▶ Assigned task
Your answer should be the line containing "Some of the words" and each line after it through the end of the data below, repeated exactly.
─── Information given ───
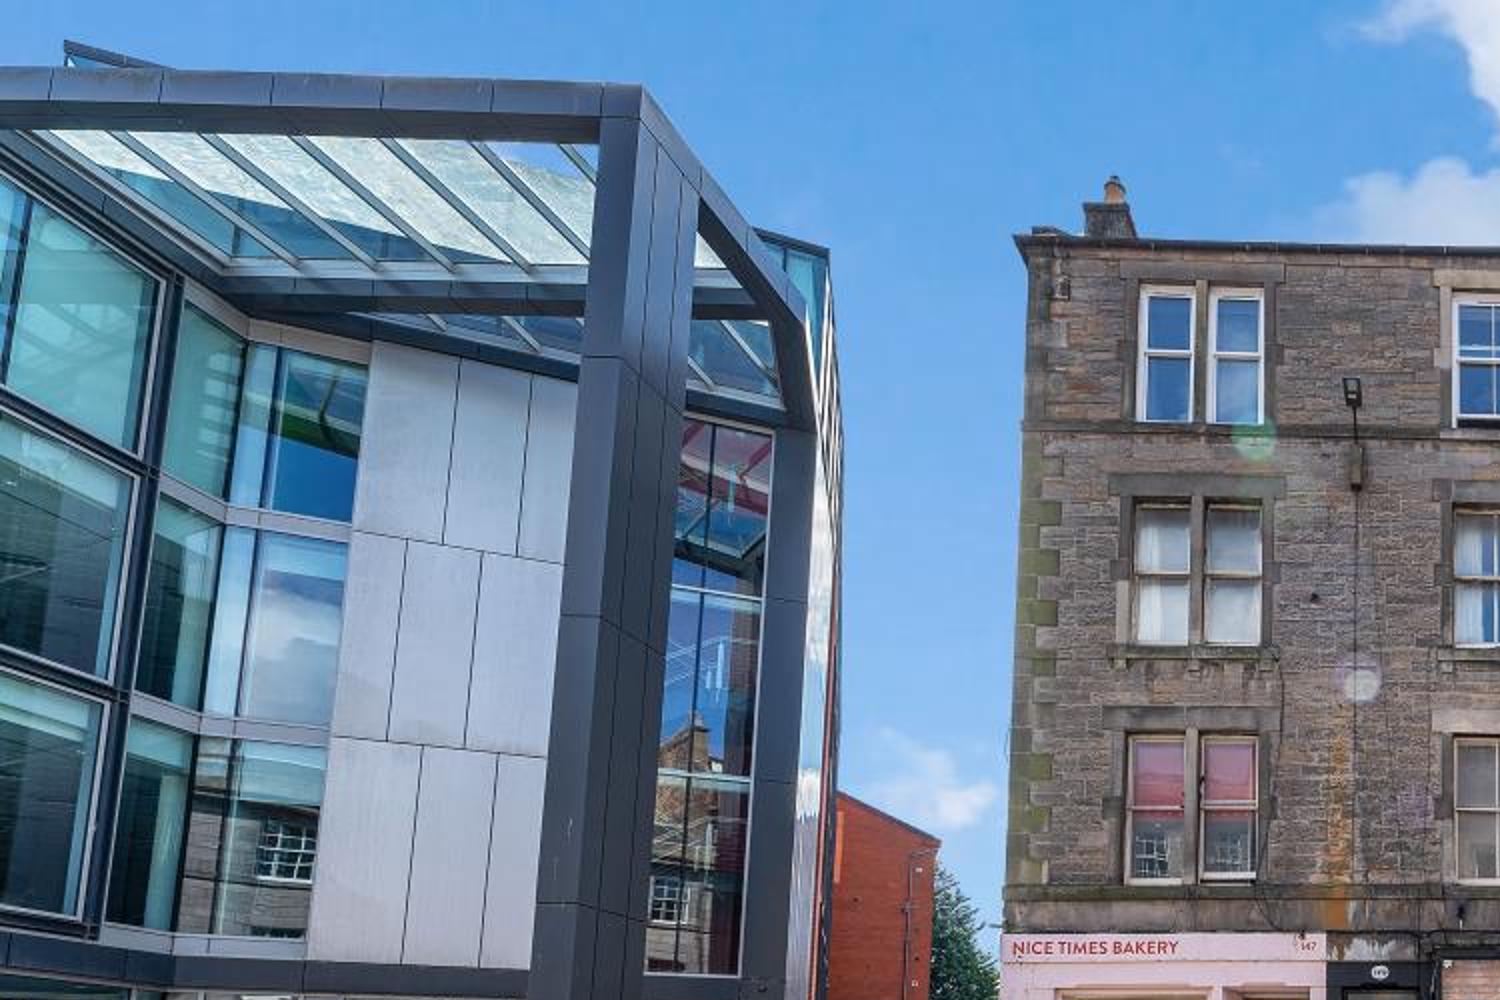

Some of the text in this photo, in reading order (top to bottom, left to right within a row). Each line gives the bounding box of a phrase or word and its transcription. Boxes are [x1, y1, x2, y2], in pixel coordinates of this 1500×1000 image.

[1013, 941, 1179, 955] NICE TIMES BAKERY
[1301, 941, 1317, 951] 147
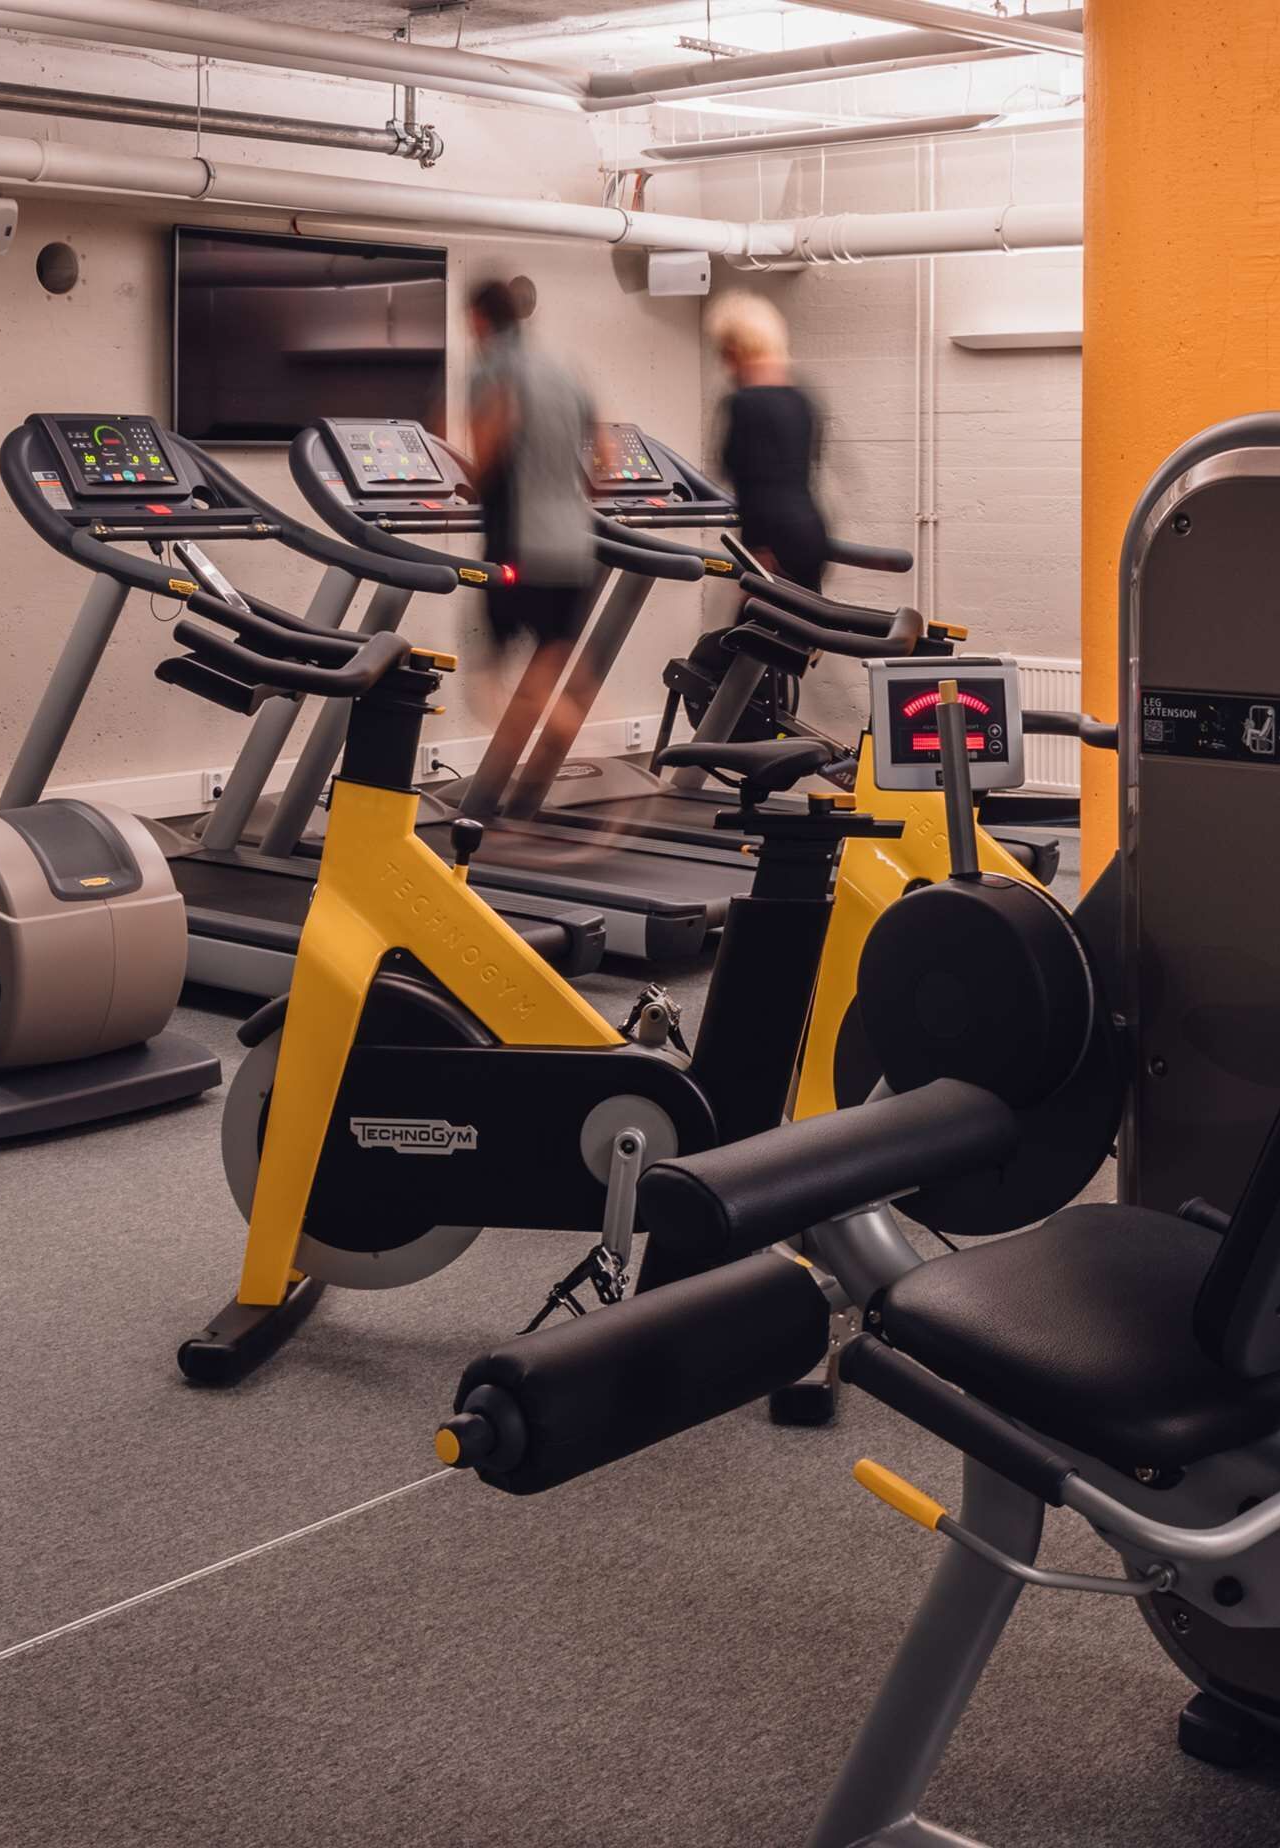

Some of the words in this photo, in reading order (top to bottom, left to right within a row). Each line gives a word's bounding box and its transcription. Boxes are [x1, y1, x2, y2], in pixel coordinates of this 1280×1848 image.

[1143, 697, 1162, 707] LEG
[1143, 706, 1197, 719] EXTENSION
[380, 861, 536, 1020] TECHNOGYM
───
▶ Answer to the exercise
Some of the words in this photo, in reading order (top to bottom, left to right within a row). Each line gives a word's bounding box and its transcription. Boxes are [x1, y1, x2, y2], in pixel coordinates of this 1280×1848 image.

[1143, 697, 1162, 707] LEG
[1143, 706, 1197, 719] EXTENSION
[380, 861, 536, 1020] TECHNOGYM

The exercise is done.